As for therapeutic control, the farmer resorts to it very rarely with this insect, for the following reasons:

This insect is harmless, of little importance, and does not cause much damage to agricultural production.

Unnecessary use of pesticides increases costs and reduces benefits to a large extent.

Also, chemical control causes damage to the environment, biological balance, and biological enemies.

Control is carried out if the farmer desires by using the pesticide Dimeton-S-methyl before the nymphs appear in the spring. The aforementioned pesticide can also be used when a minor injury occurs, because this injury does not develop in most cases, or its development is very limited. The farmer can also use the pesticide Parathion methyl and Malathion.

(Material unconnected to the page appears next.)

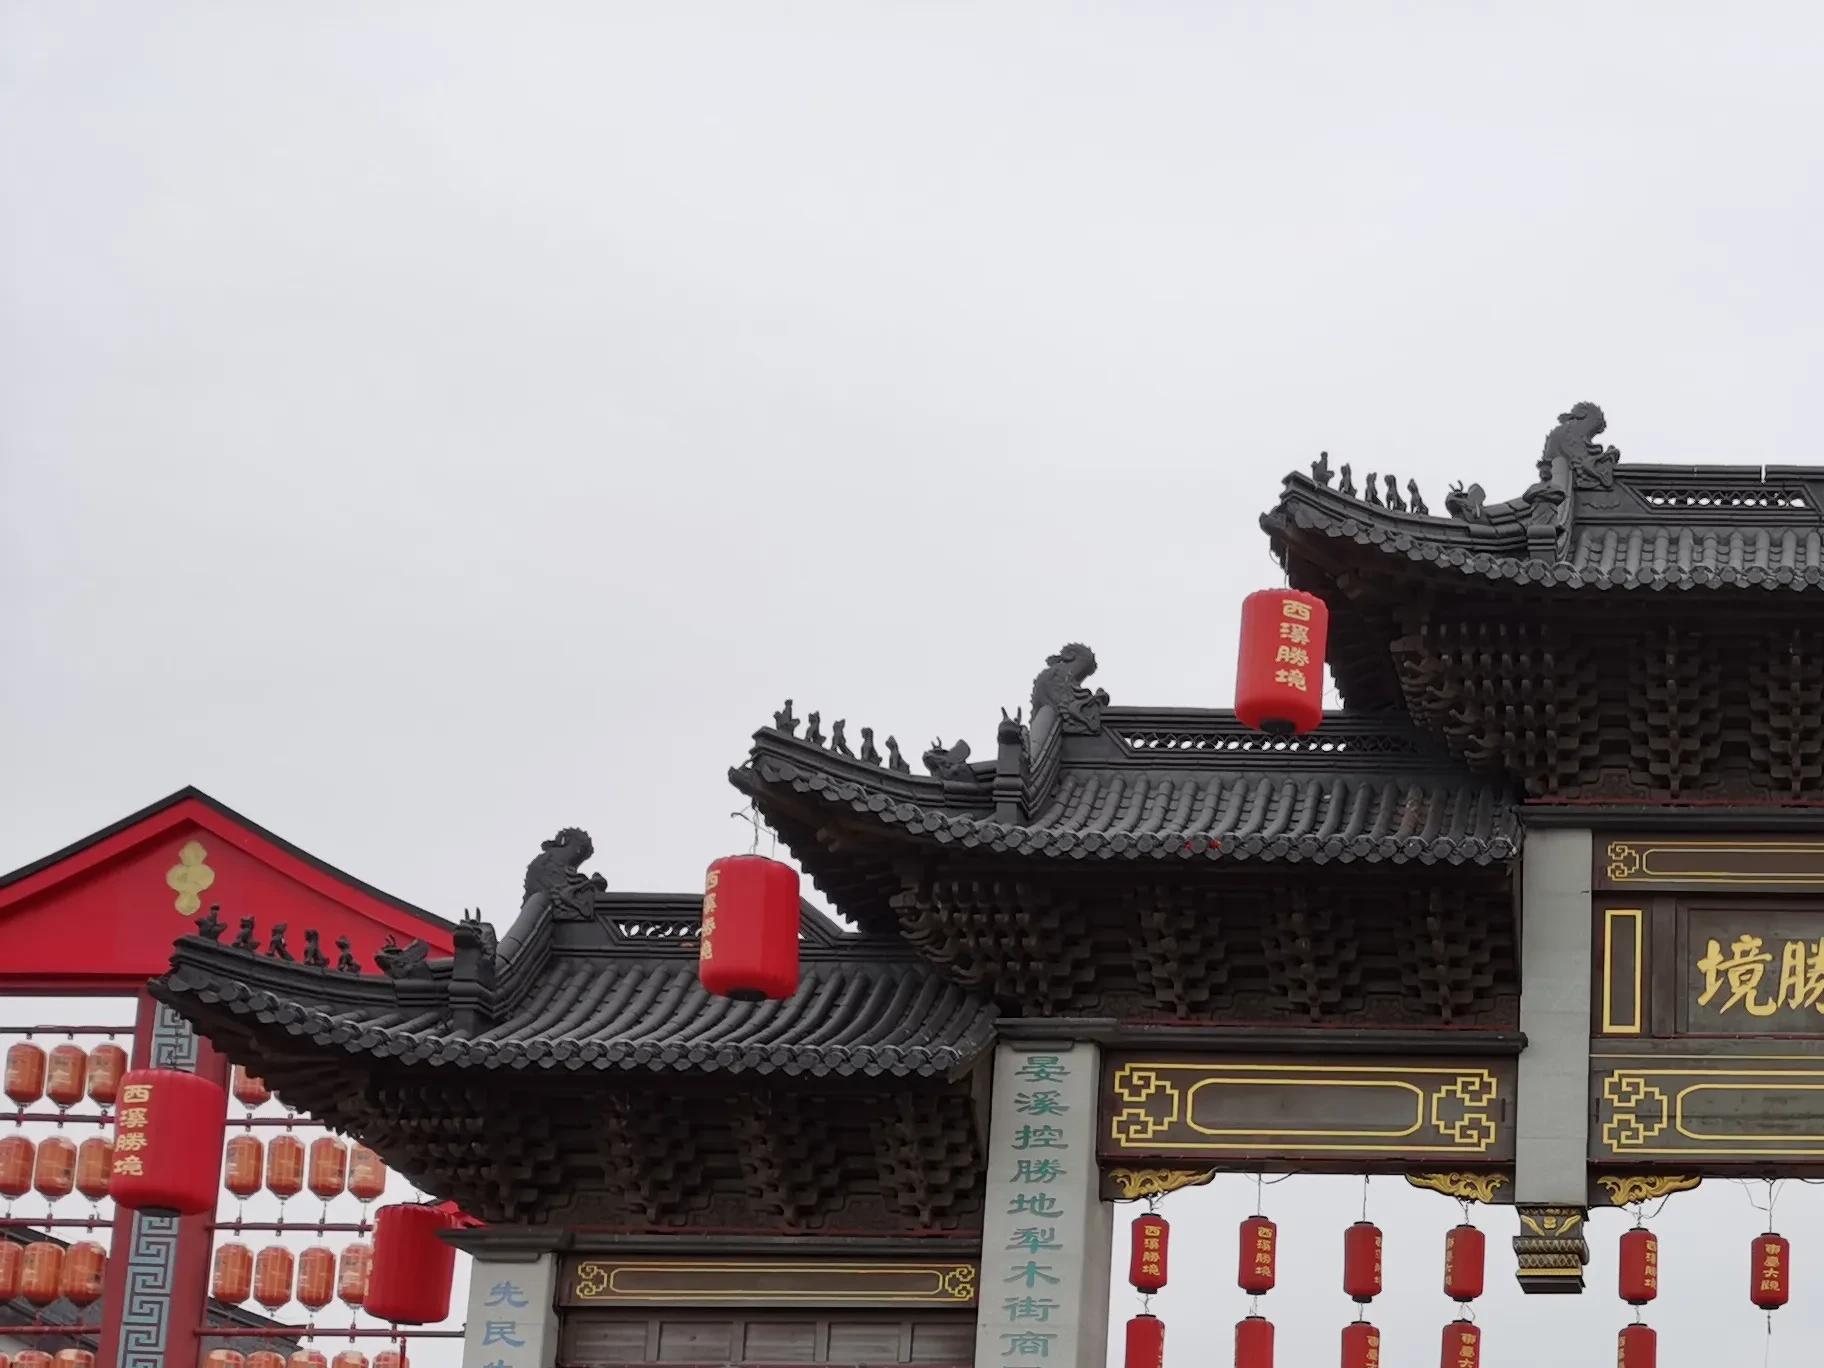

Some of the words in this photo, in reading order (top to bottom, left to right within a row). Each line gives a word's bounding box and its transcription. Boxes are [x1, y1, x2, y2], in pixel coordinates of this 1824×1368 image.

Integrated orchard management procedures

Integrated management of the orchard infected with fig leaf psyllid is carried out through:

  • Conduct soil excavation and plowing to a depth of 70 cm before planting figs.
  • Then the farmer determines the planting distances accurately, which are 6 m between one row and the other, and 4 m between one tree and the next.
  • The planting date is carefully chosen in the fall in warm areas, and in the spring in cold areas.
  • After that, nitrogenous, phosphorous, and potash fertilizers are added in balance.
  • The farmer monitors the trees regularly and periodically to ensure that they are free of insect and non-insect pests and pathogens, and records observations.
  • The farmer sprays with preventive pesticides if he suspects any bacterial or fungal disease.
  • The recommended pesticides are used, including phosphorous, systemic and surface carbohydrates, and the farmer avoids parathenoid pesticides and hydrogen charcoal derivatives.
  • Thus; We have learned about the fig leaf pea and its limited and minimal danger. We also learned about 5 factors that encourage infection with it, and the farmer and farmer who is keen on fig trees has determined the date of control, and the methods of prevention and control followed and applied in the event of infection with this insect or the desire to combat it when necessary. Fruit trees are a blessed treasure and the tree breeder must protect them from various agricultural diseases and pests.